We’ve all been there: a project manager or supervisor asks you to do something you disagree with for some reason. Perhaps the assignment in question takes up too much time or maybe the proposed strategy doesn’t work with the overall mission. In any scenario where employee and supervisor are in disagreement, the situation is ripe for office drama.
As an employee, this can cause a lot of anxiety. No one likes having to step out of their comfort zone to challenge someone who is in a position of power. When your livelihood depends on your paycheck, sometimes it’s easier to just sit back and go with the flow even when you vehemently disagree with something, for good reasons.
The other side of the desk
For the supervisor, these types of disagreements present a whole different set of obstacles and opportunities. Being a leader means being being confident in your ability to make decisions for your entire team. But this responsibility does not mean that every choice you make is perfect.
In fact, if you are a good leader with hiring authority, you will have assembled a team where each individual was carefully selected based on their own unique skill set. Since each person has something different to bring to the table, it would be foolish for a supervisor to refuse to acknowledge the opinions of their employees.
After all, even if you are at the head of a ship or department, you cannot possibly know everything. It is for that very reason that leaders have staffed their teams with able workers.
How can leaders allow for pushback?
It is absolutely important that employees respect their supervisors. Yet fostering a collaborative environment where everyone has a voice doesn’t have to mean losing respect. As with most things in life, there is a right and a wrong way to go about it.
There is a major difference between constructive criticism and disrespect. If, for example, an employee responds to a disagreement by simply shouting, “you’re wrong,” this obviously does not help create a an environment of respect.
If instead, disagreements and concerns are met with substantial evidence as to why this plan may not work, then any leader would be wise to consider what is being said. An employee may say, “I really appreciate your ideas, but I do have some data that possibly contradicts with the goals of this project.” This is much easier to work with.
As a leader, paying attention to how concerns are worded will help you gauge how to respond. A hostile employee may be carrying baggage from elsewhere into your meeting, meaning you may have to read between the lines of what is being said in order to get to the bottom of their concerns.
But employees who come prepared and armed with helpful data should absolutely be taken seriously and listened to by superiors. In fact, you may be surprised at how much insight they are able to offer.
What pushback makes possible
No one likes being met with resistance, but sometimes it is necessary both for the leader’s professional growth, as well as the employee’s.
Think of it this way: You hired each person for a reason. Allowing them to voice respectful dissent shows that you trust your own hiring decision. If you let your employee voice their concerns, it helps to foster an environment where passive agreement is discouraged.

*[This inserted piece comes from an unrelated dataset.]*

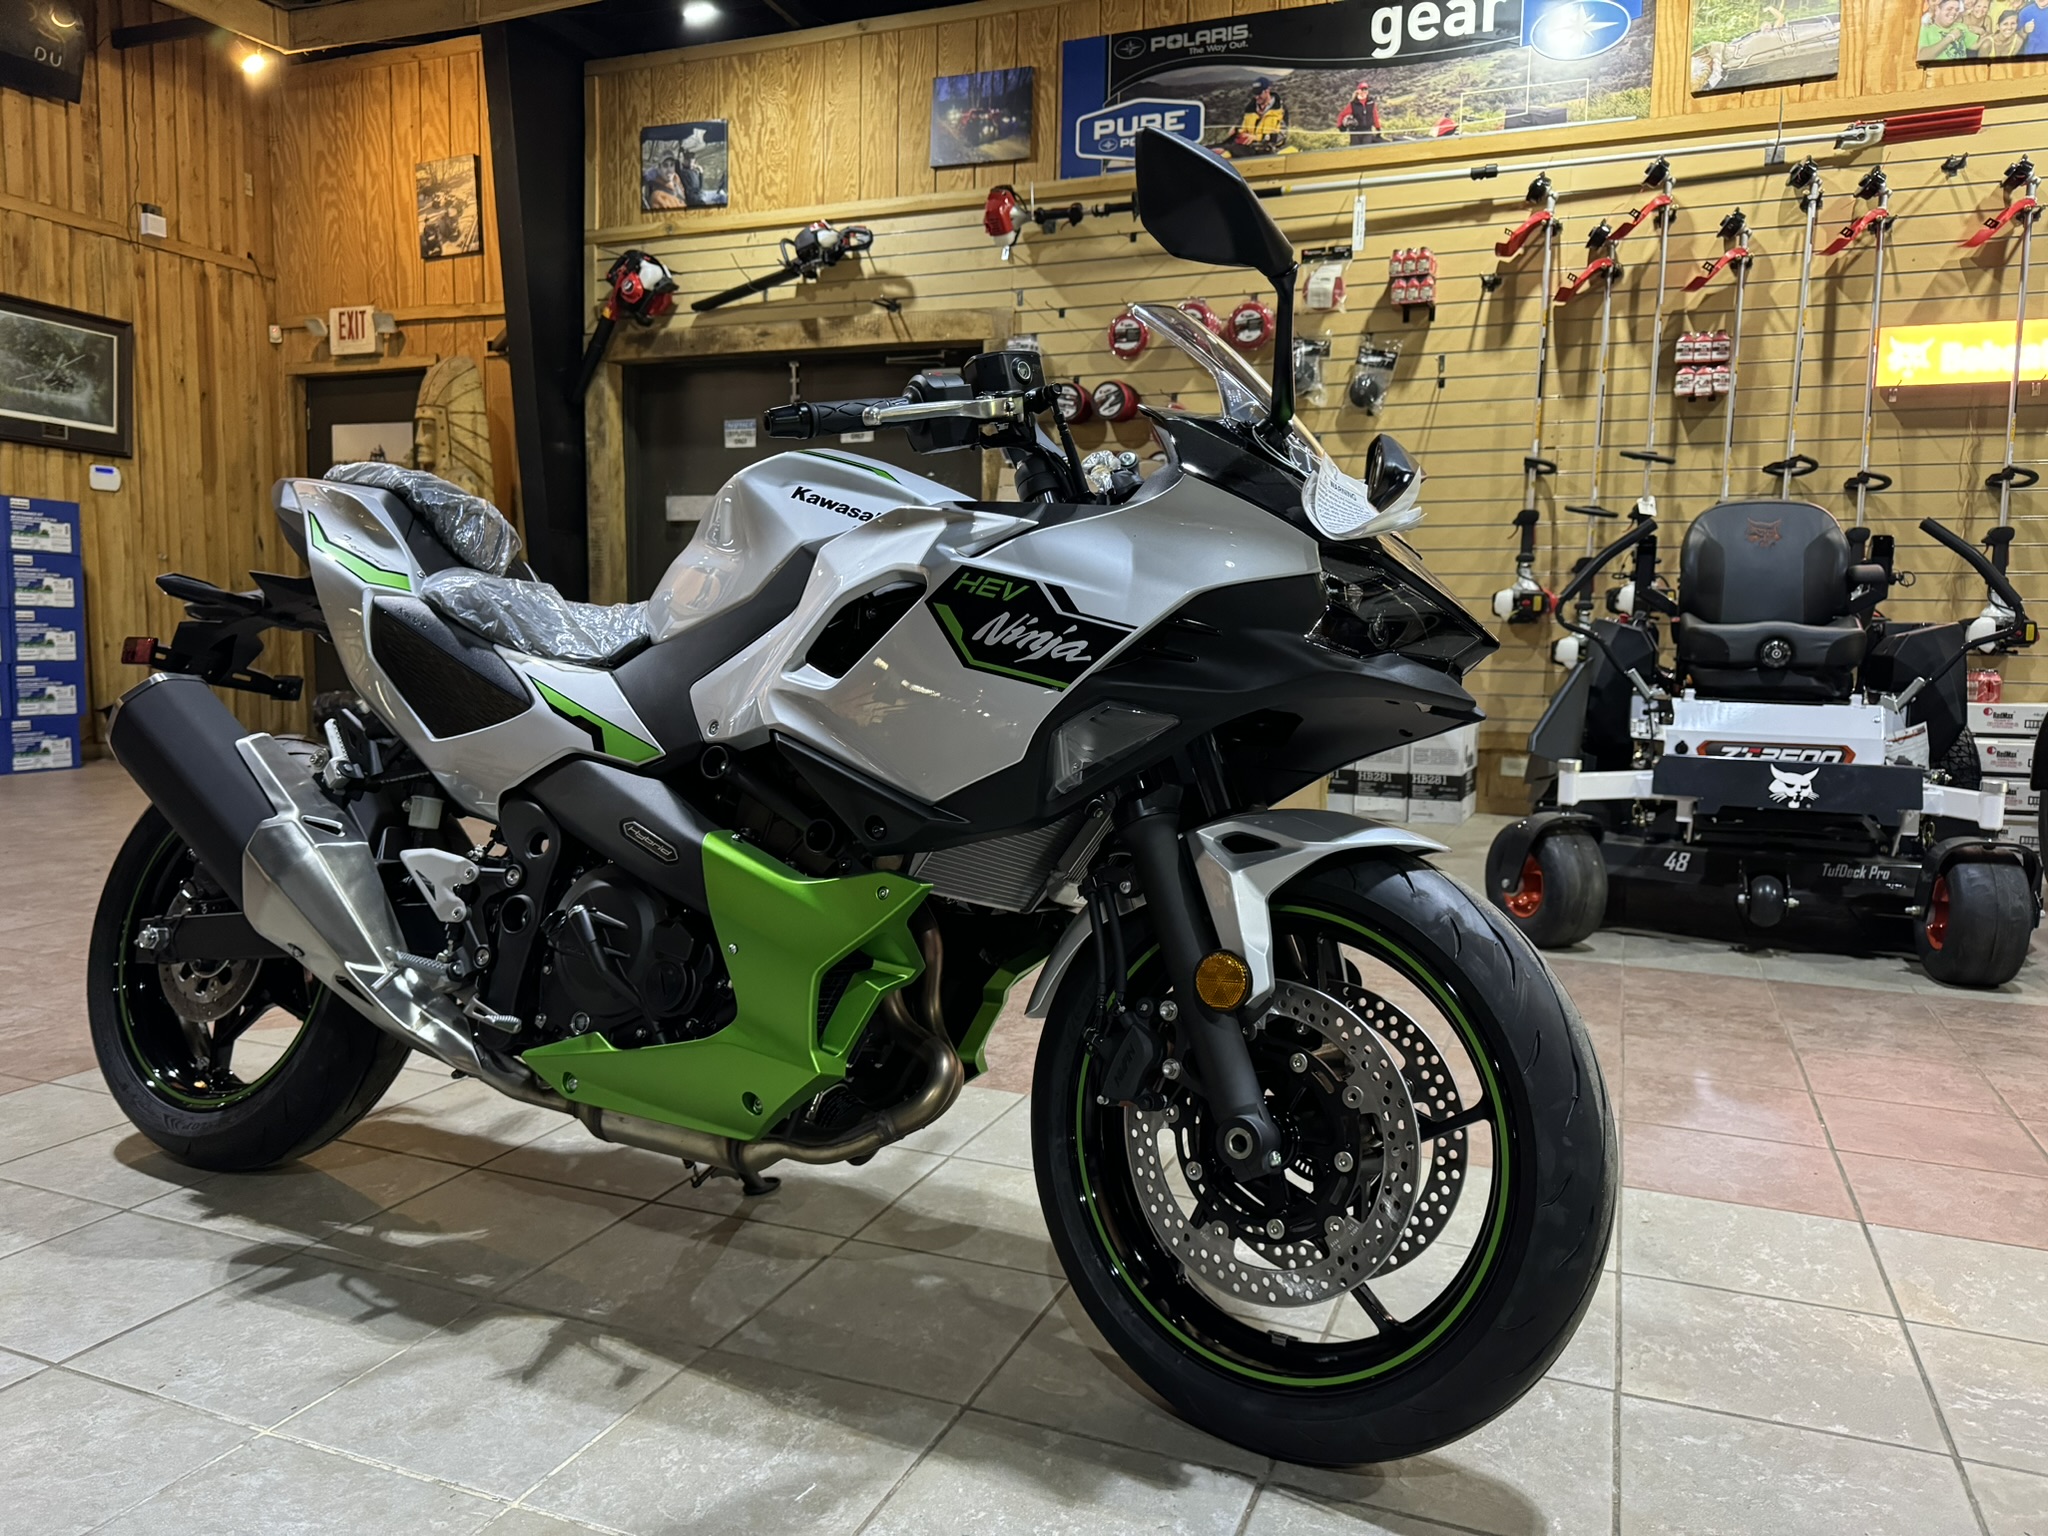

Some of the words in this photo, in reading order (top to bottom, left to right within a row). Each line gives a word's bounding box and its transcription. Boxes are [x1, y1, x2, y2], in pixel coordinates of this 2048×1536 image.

You are saying, It is okay not to agree with everything. That is a good thing because friction during the collaborative process forces more creative thinking and better end results. A team full of “yes men” accomplishes very little that is also new. A team of “let’s think this through” men will bring new ideas to the table.
Take a beat
Disagreements do not have to result in office gossip and they most certainly do not have to result in a sit-down with human resources. More often than not, those things represent a failure to truly communicate.
So when you find yourself in disagreement with someone you work with, especially one of your employees, maybe take a beat. In that time, think of the best way to allow for pushback in the spirit of collaboration. If you can turn this into an opportunity to boost mutual respect, there’s no telling how much you can accomplish together.